▶ Material provided:
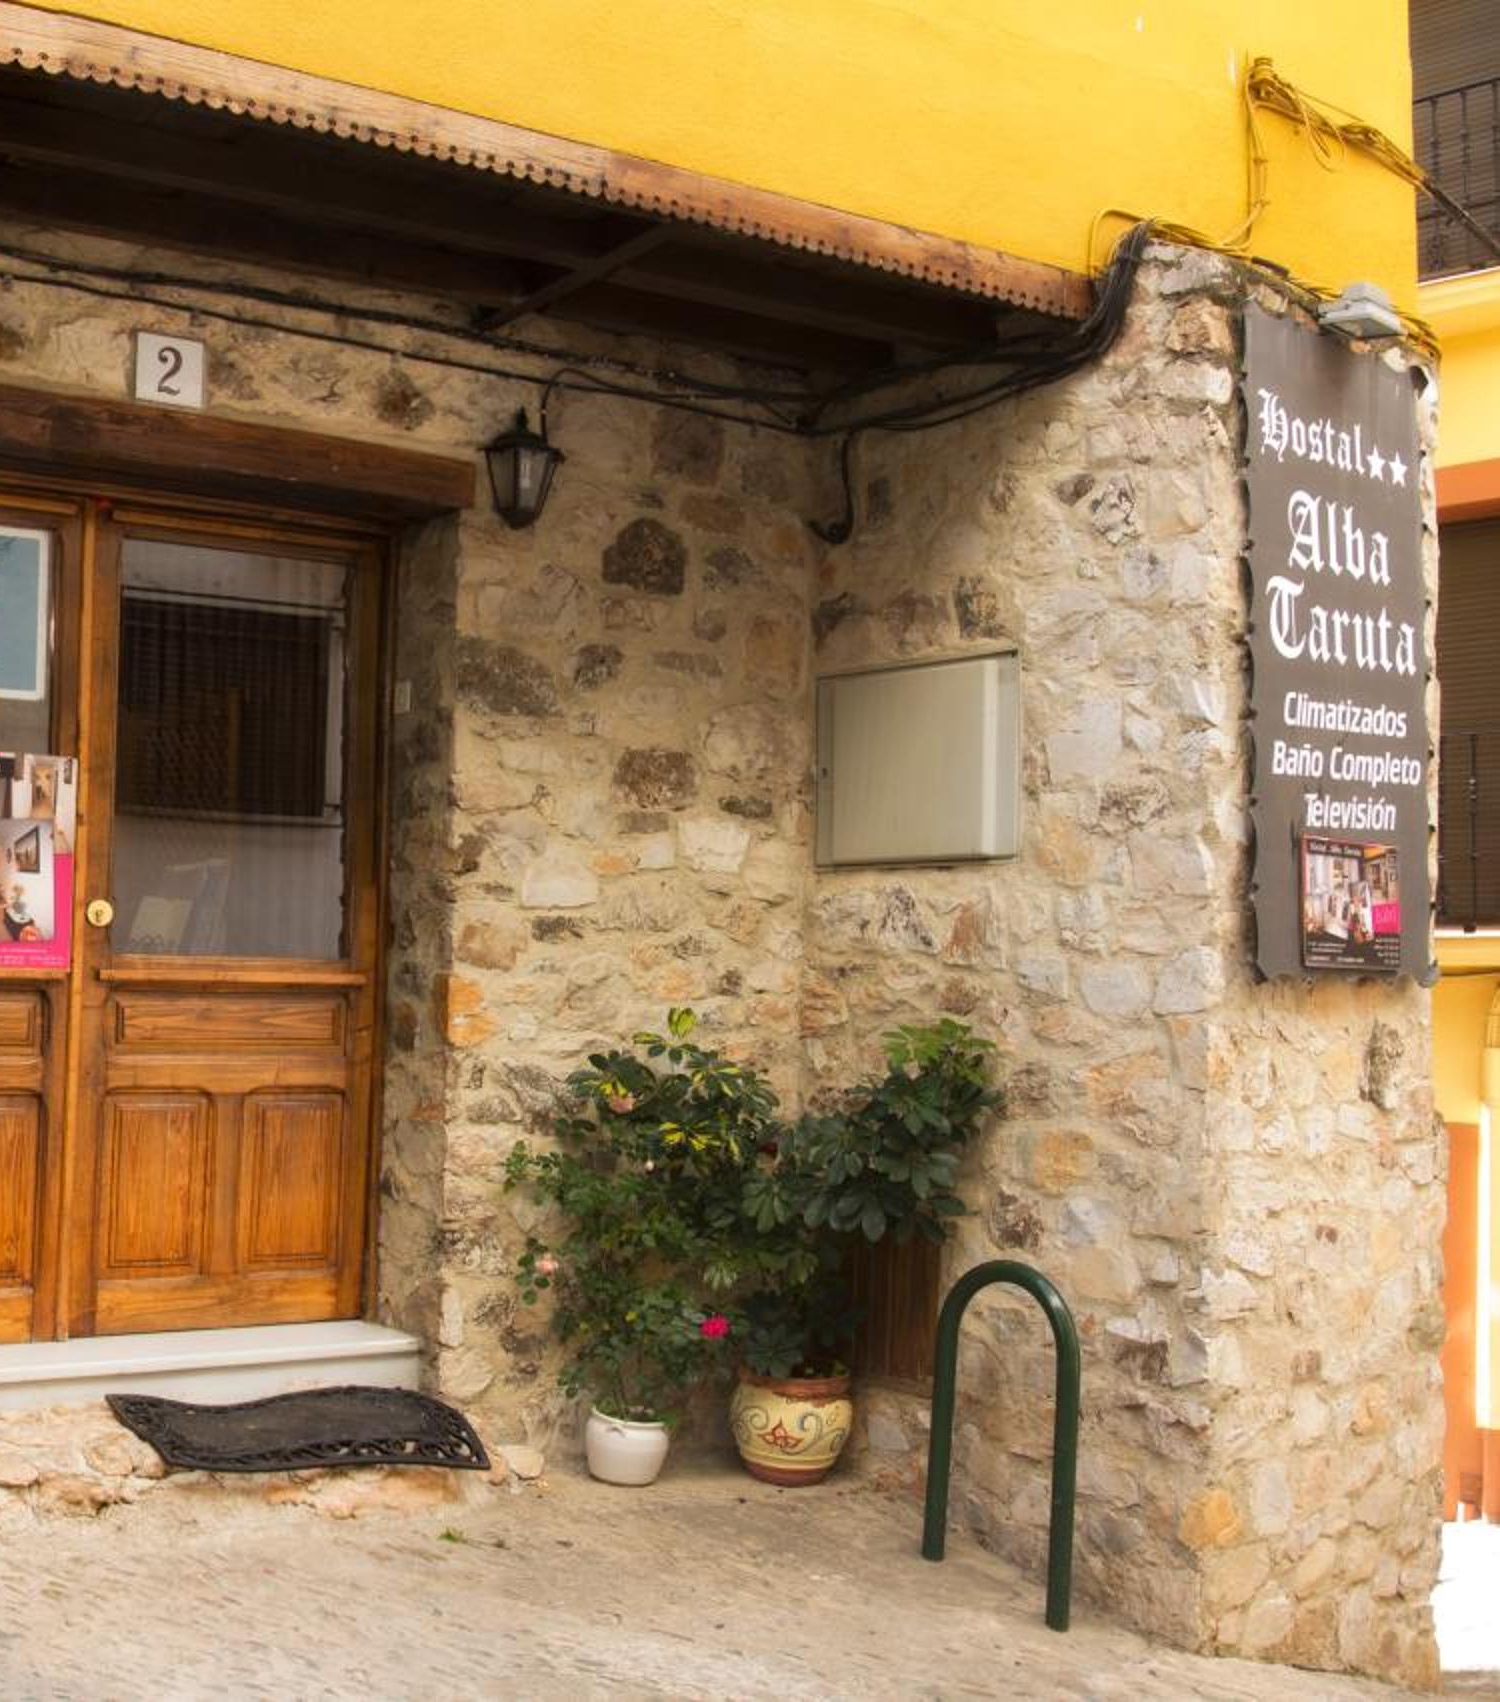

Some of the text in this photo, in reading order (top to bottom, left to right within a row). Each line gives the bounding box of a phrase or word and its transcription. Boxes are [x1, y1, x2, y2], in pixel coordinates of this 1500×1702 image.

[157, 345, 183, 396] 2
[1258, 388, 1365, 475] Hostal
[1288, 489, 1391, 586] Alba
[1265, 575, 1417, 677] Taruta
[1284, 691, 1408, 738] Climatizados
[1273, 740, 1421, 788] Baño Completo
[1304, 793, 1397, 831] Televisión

▶ Problem details: Please give every line above again word for word, apart from the pictures.

▶ Answer space:
Some of the text in this photo, in reading order (top to bottom, left to right within a row). Each line gives the bounding box of a phrase or word and its transcription. Boxes are [x1, y1, x2, y2], in pixel coordinates of this 1500×1702 image.

[157, 345, 183, 396] 2
[1258, 388, 1365, 475] Hostal
[1288, 489, 1391, 586] Alba
[1265, 575, 1417, 677] Taruta
[1284, 691, 1408, 738] Climatizados
[1273, 740, 1421, 788] Baño Completo
[1304, 793, 1397, 831] Televisión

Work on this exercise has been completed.